Python SDK for Compresr - Intelligent prompt compression service
Project description
Compresr Python SDK
Intelligent context compression service to optimize LLM costs and performance. Reduce your LLM API costs by 30-70% through intelligent context compression.
Installation
pip install compresr
Quick Start
API Key Setup
Get your API key from compresr.ai:
- Create an account at compresr.ai
- Navigate to Dashboard → API Keys
- Click "Create New Key" and copy it (shown only once!)
Two Types of Compression
1. Agnostic Compression (No Question Needed)
Use CompressionClient for general-purpose compression:
from compresr import CompressionClient
client = CompressionClient(api_key="cmp_your_api_key")
result = client.compress(
context="Your very long context that needs compression...",
compression_model_name="A_CMPRSR_V1" # or "A_CMPRSR_V1_FLASH" for speed
)
print(f"Original: {result.data.original_tokens} tokens")
print(f"Compressed: {result.data.compressed_tokens} tokens")
print(f"Saved: {result.data.tokens_saved} tokens")

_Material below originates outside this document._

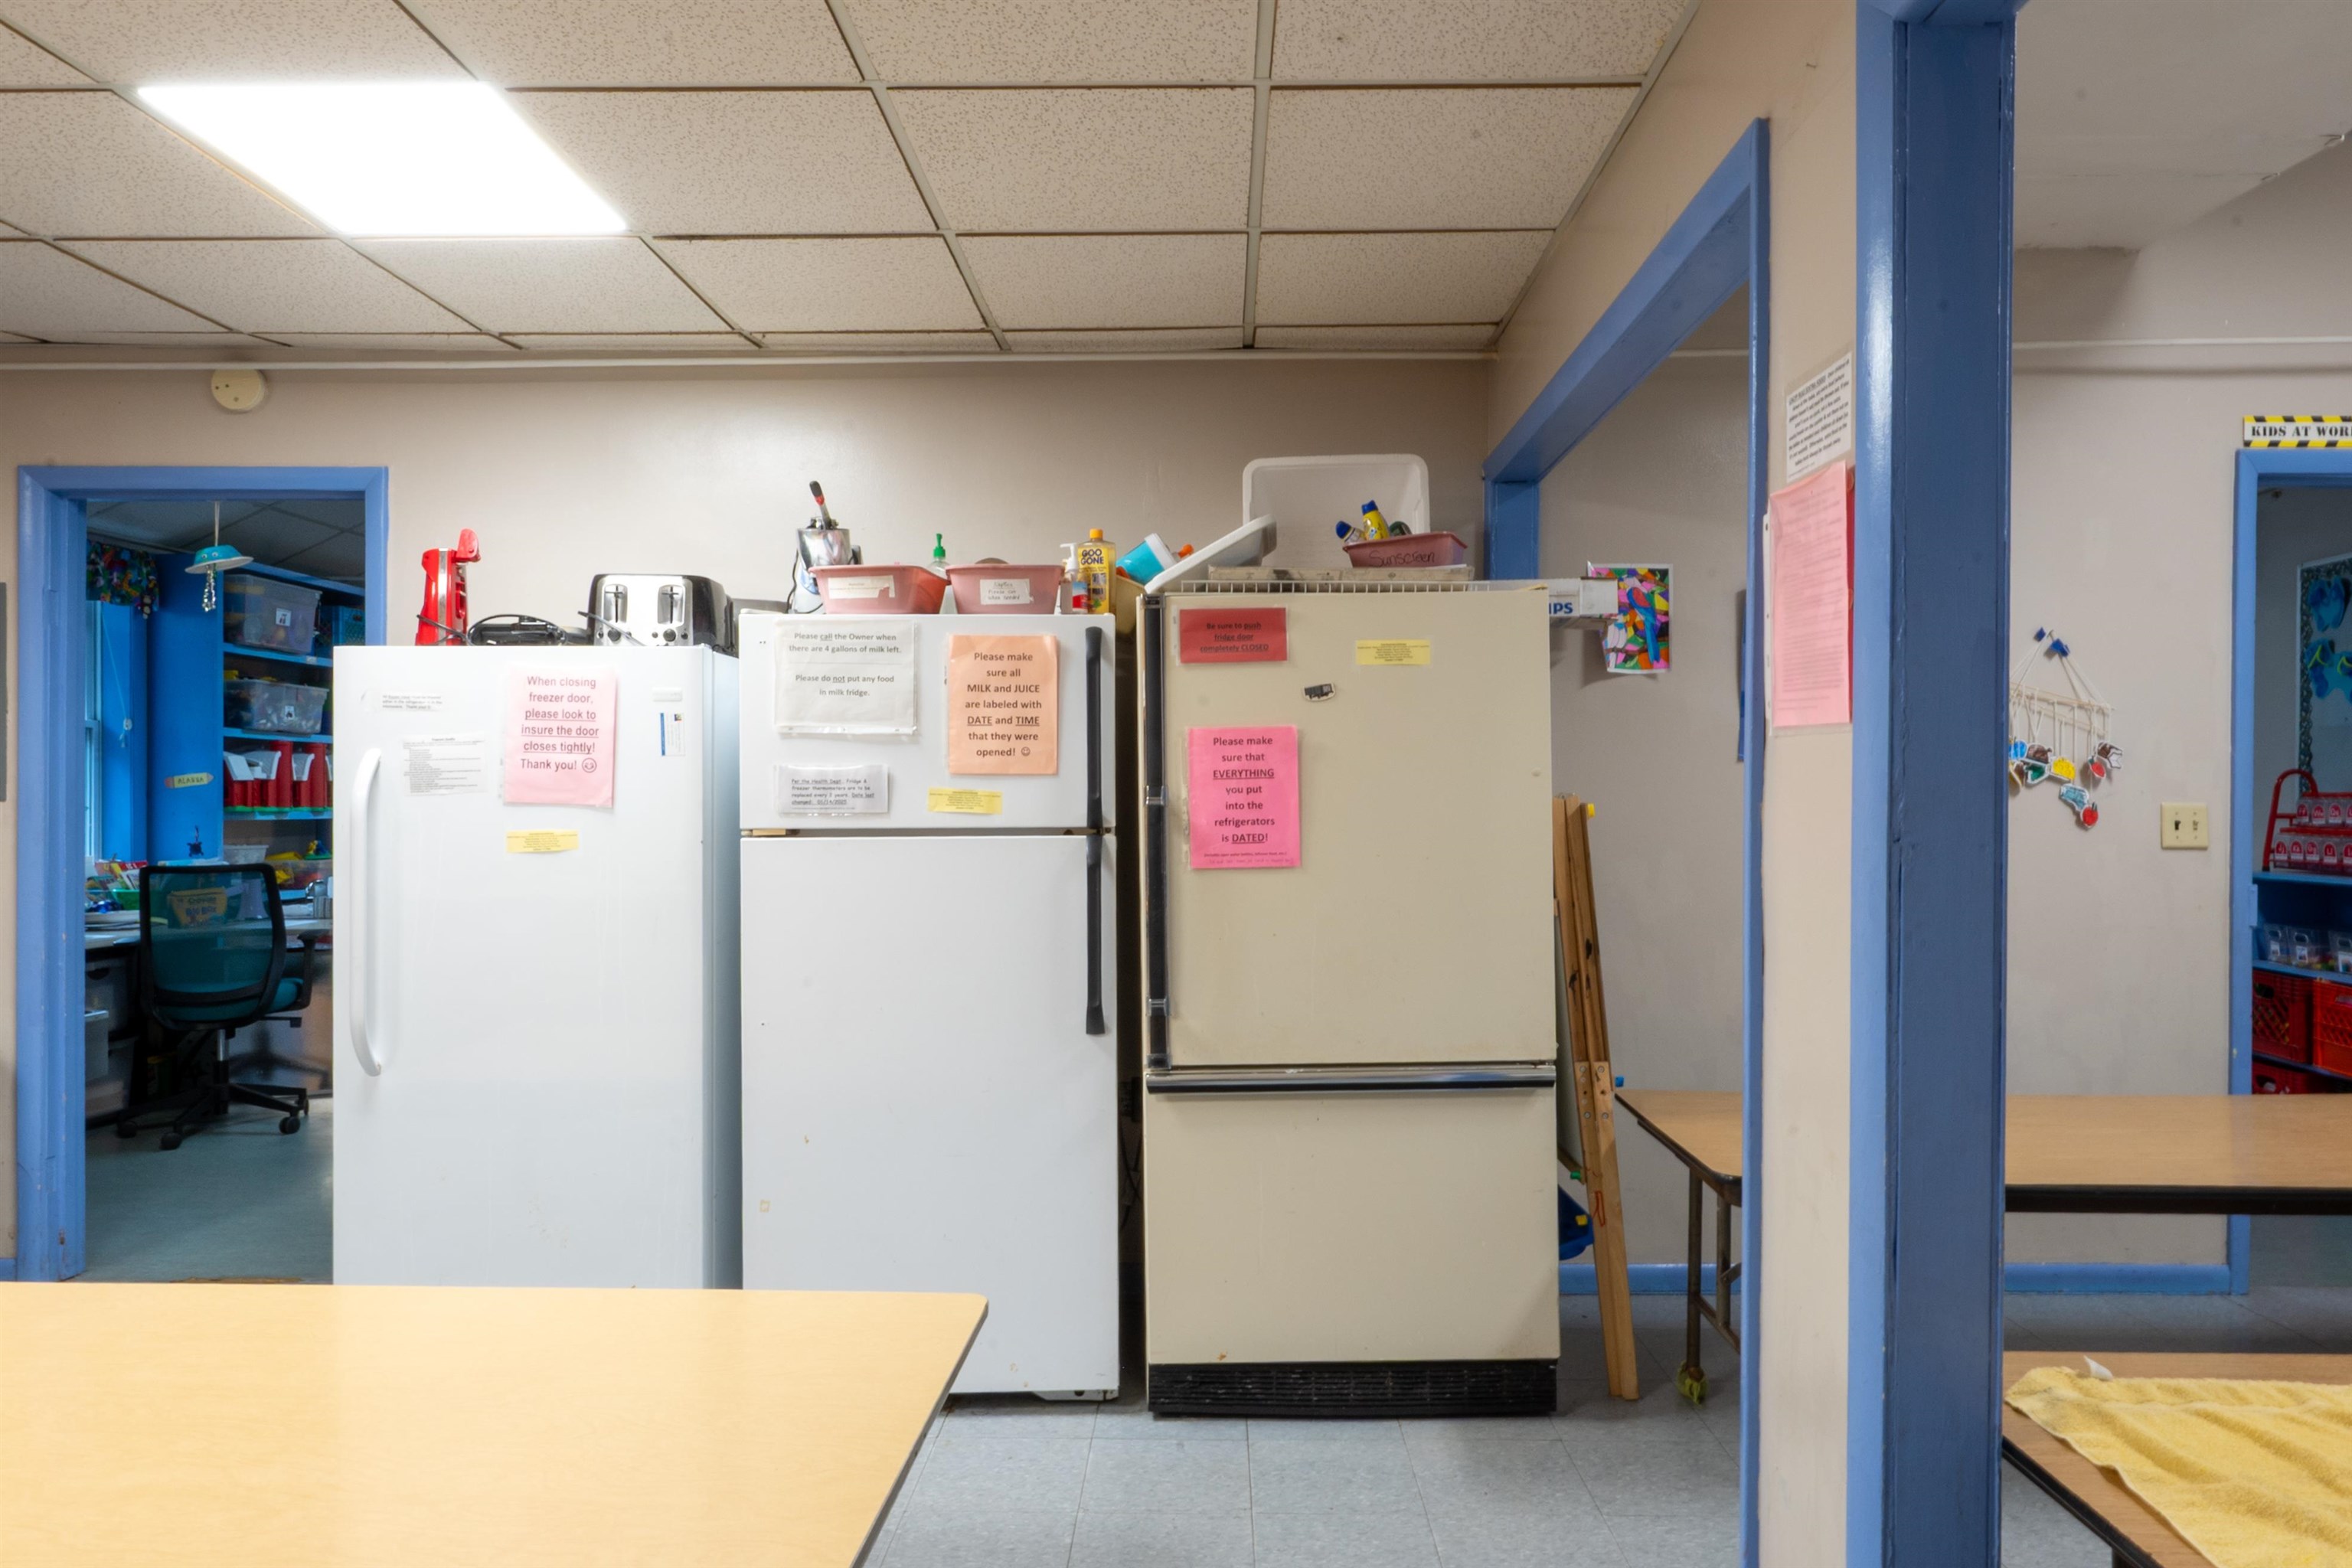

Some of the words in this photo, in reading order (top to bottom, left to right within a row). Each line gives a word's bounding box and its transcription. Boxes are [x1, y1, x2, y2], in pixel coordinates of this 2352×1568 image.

2. Question-Specific Compression
Use QSCompressionClient to compress based on a specific question:
from compresr import QSCompressionClient
client = QSCompressionClient(api_key="cmp_your_api_key")
result = client.compress(
context="Python was created in 1991. JavaScript in 1995. Java in 1995.",
question="Who created Python?",
compression_model_name="QS_CMPRSR_V1"
)
print(f"Compressed (question-relevant): {result.data.compressed_context}")
print(f"Saved: {result.data.tokens_saved} tokens")
Integration with OpenAI
Agnostic compression:
from compresr import CompressionClient
from openai import OpenAI
compresr = CompressionClient(api_key="cmp_xxx")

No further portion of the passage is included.